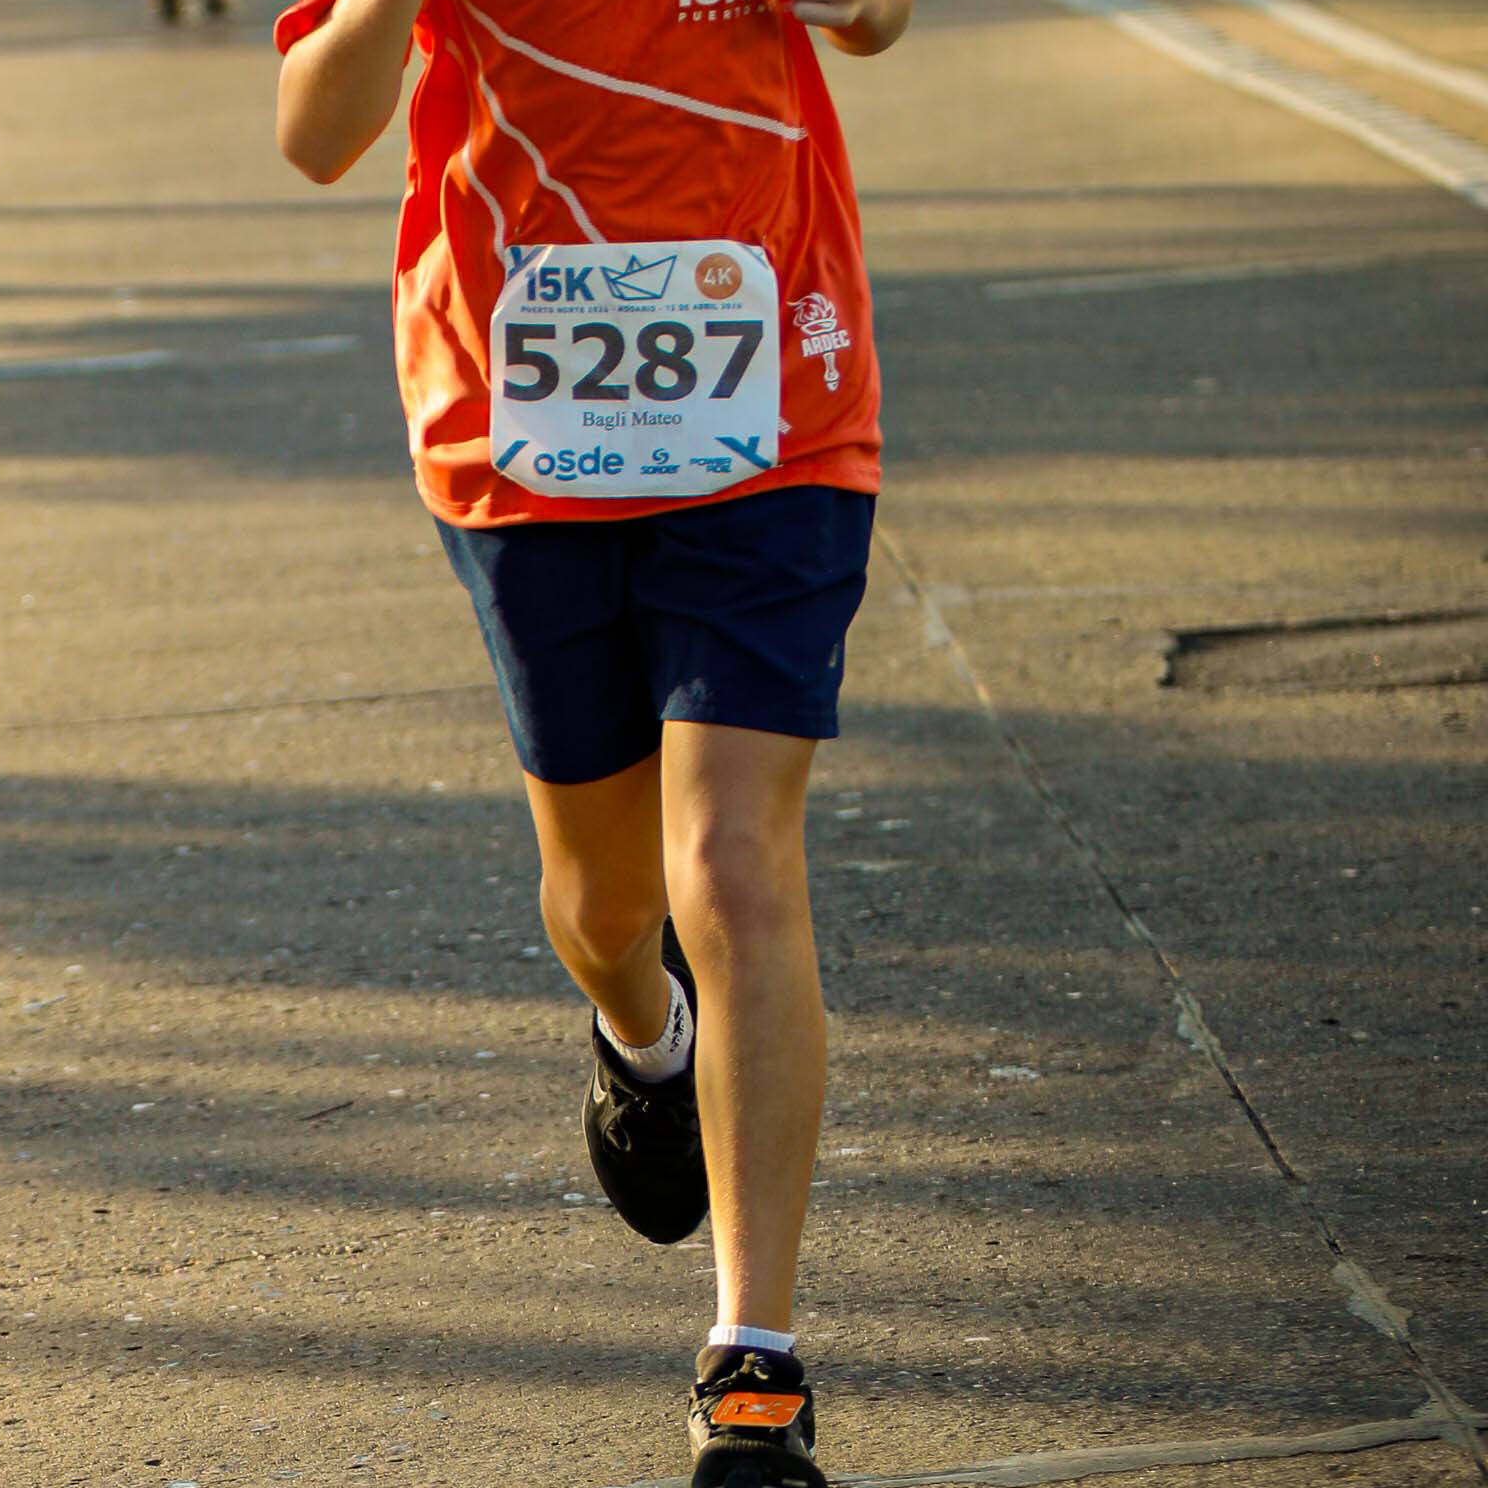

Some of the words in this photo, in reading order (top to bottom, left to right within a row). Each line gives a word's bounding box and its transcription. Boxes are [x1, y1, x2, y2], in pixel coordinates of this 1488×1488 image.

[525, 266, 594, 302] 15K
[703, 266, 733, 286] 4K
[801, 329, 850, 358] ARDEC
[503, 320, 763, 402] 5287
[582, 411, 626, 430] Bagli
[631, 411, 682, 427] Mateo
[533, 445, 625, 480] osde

┄┄┄┄┄┄┄┄┄┄┄┄┄┄┄┄┄┄┄┄

- [Task prompt]: Pictures are not part of the copy. Restate everything else in the listing word for word.

- [Response area]:
Some of the words in this photo, in reading order (top to bottom, left to right within a row). Each line gives a word's bounding box and its transcription. Boxes are [x1, y1, x2, y2], in pixel coordinates of this 1488×1488 image.

[525, 266, 594, 302] 15K
[703, 266, 733, 286] 4K
[801, 329, 850, 358] ARDEC
[503, 320, 763, 402] 5287
[582, 411, 626, 430] Bagli
[631, 411, 682, 427] Mateo
[533, 445, 625, 480] osde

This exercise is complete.